The same journalists who previously attacked Trump for getting rich off the Presidency are now gleefully reporting that his hotels are suffering losses are a result of his political prominence, e.g., “Trump Tower Chicago Hotel is Losing Money Hand Over Fist” (Vanity Fair):

In addition to the Chicago property, business at Trump Doral in Miami is also reportedly in “steep decline,” which a tax consultant hired by the Trump Organization attributed to the “negative connotation…associated with the brand.” The company has also lost contracts with hotels in Manhattan and Toronto.
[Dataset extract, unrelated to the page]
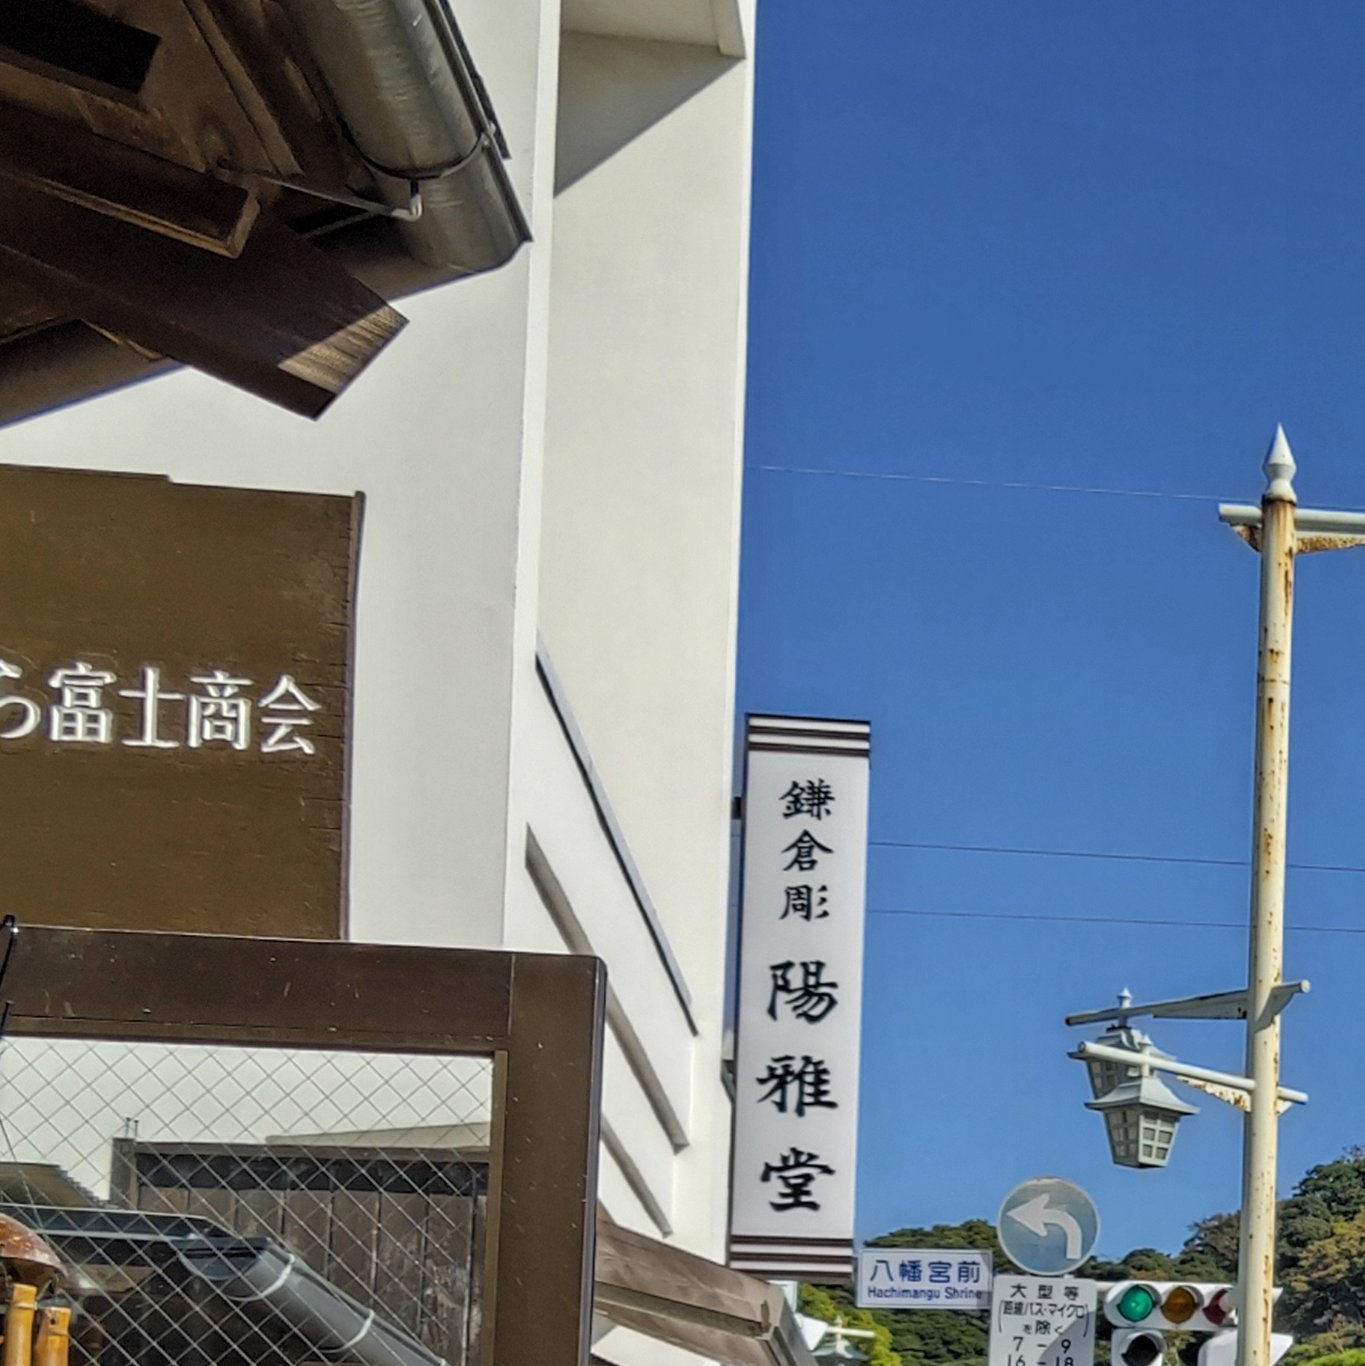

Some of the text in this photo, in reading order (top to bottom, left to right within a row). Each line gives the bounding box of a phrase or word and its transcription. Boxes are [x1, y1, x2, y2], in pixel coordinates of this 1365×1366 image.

[756, 778, 838, 1212] 鎌倉彫 陽雅堂
[870, 1259, 981, 1283] 八幡宮前
[867, 1286, 983, 1300] Hachimangu Shrine
And in a sign that even people inside the family business know the name is dragging down profits, virtually every mention of “Trump” has been stripped from two Central Park ice rinks. Earlier this year, the Trump Organization, which declined to comment on its financial woes, attempted to blame the money situation in the Windy City on “the perceived threat of gun violence,” despite the fact that no other competitors have suffered a similar decline. “Among the hotel community in Chicago, everyone is aware of the relative underperformance of the Trump hotel over the last two to three years,” analyst Michael Bellisario told the Post at the time.

Will it turn out that the Trump family was actually the most altruistic ever to go into American politics?